Eruvatty is a village in Kerala, India. It is in the district of Kannur.

==Geography==
Eruvatty lies beside the river Kuppam. The river in this region is divided into seven branches, which is a destination for birds and biological hotspot of fish. One can travel to this place from Taliparamba, by bus. The village in Chapparapadava (or Chapparapadavu) Panchayat. The villages nearby are Nellipara, Vimalasheri, Thimiri, Talavial, Marigiri, Rayarom (), Thadikadavu () and others.

==Facilities==
The village has a micro hydal power station
The Postal Index Number (PIN) of this village is 670 581.

==Etymology==
This Eruvatty (stress on eruvaatty) is different from the village which is pronounced as eruvatty (stress on eruvatty) in Pinarayi village.

==Transportation==
The national highway passes through Taliparamba town. Goa and Mumbai can be accessed on the northern side and Cochin and Thiruvananthapuram can be accessed on the southern side. Taliparamba has a good bus station and buses are easily available to all parts of Kannur district. The road to the east of Iritty connects to Mysore and Bangalore.

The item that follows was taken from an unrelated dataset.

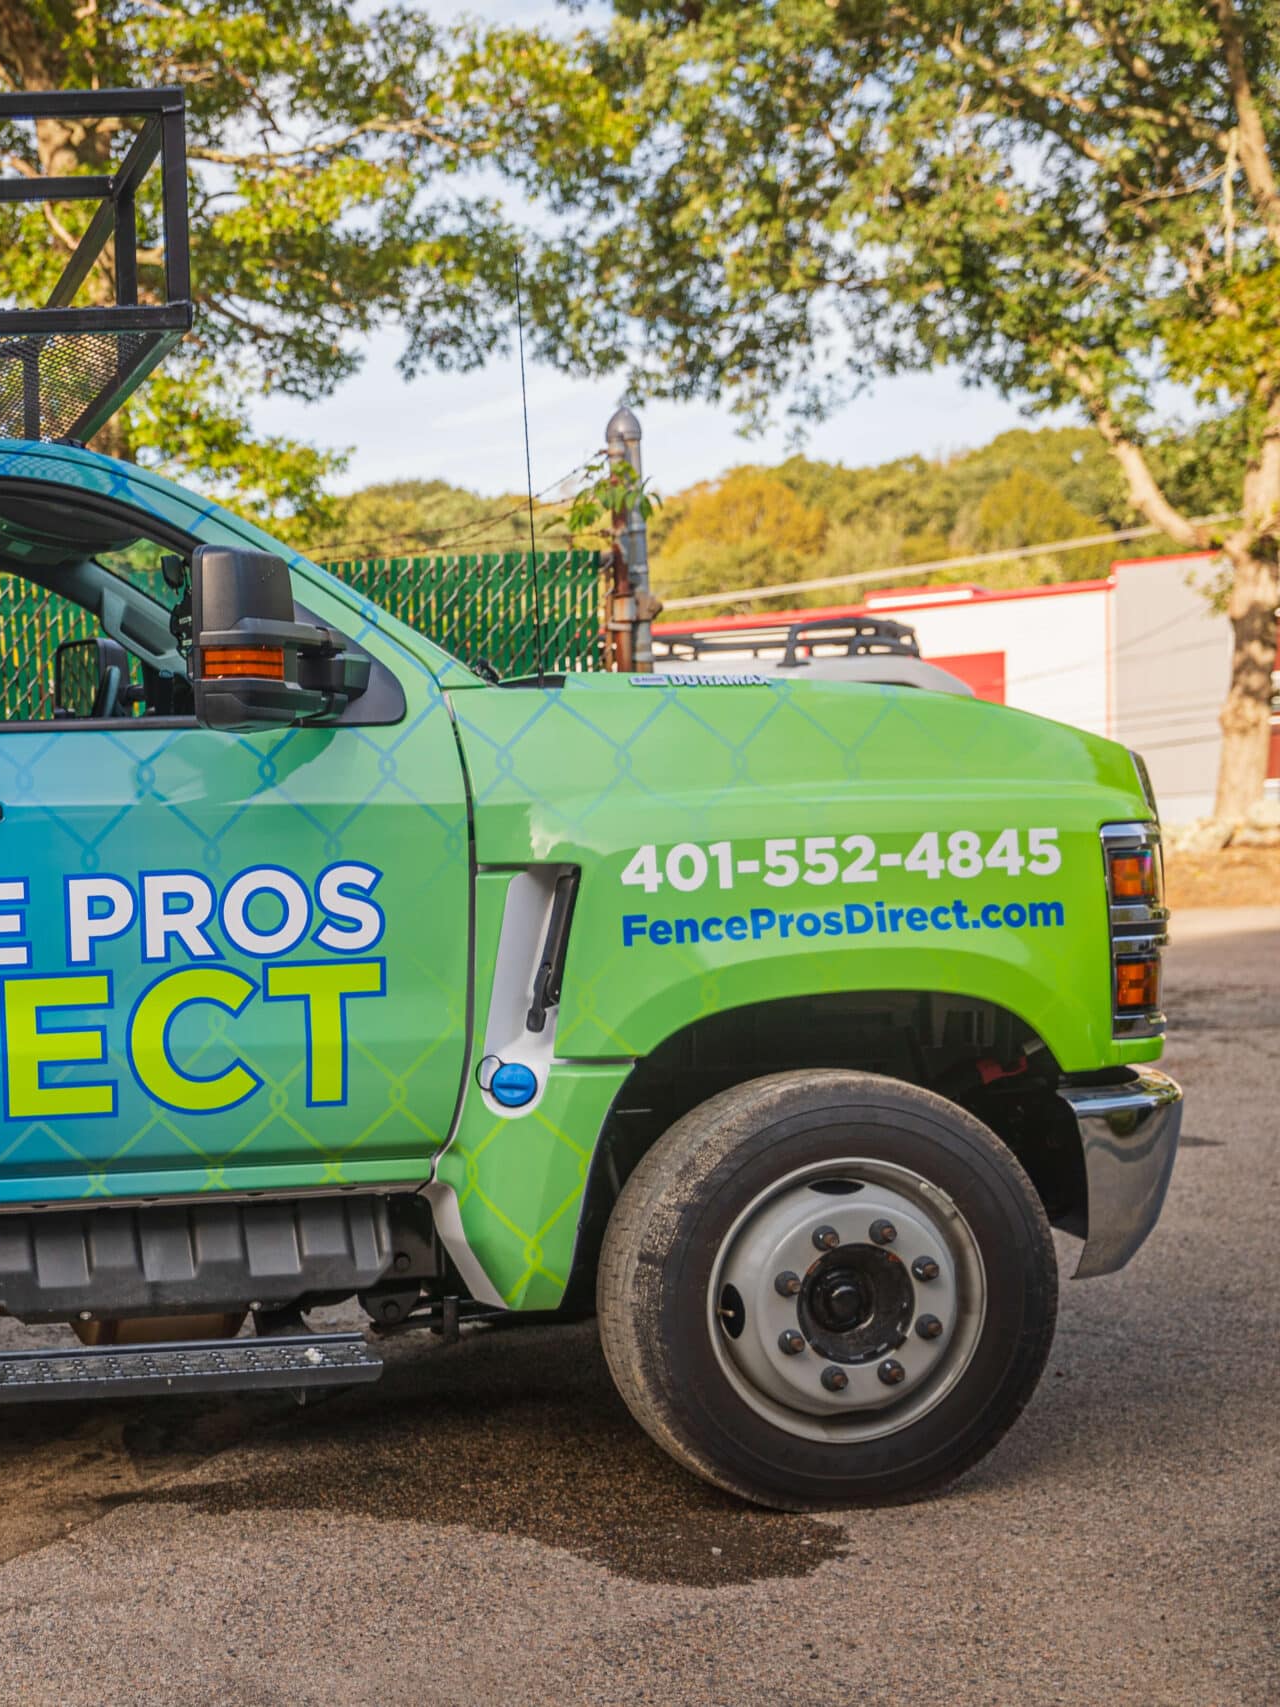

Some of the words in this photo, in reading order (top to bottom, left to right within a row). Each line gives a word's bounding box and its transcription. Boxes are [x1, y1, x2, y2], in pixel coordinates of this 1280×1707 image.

[620, 827, 1063, 893] 401-552-4845
[67, 864, 381, 963] PROS
[622, 899, 1065, 947] FenceProsDirect.com

But buses to these cities are available only from Kannur, 22 km to the south. The nearest railway stations are Kannapuram and Kannur on Mangalore-Palakkad line.
Trains are available to almost all parts of India subject to advance booking over the internet. There are airports at Kannur, Mangalore and Calicut. All of them are small international airports with direct flights available only to Middle Eastern countries.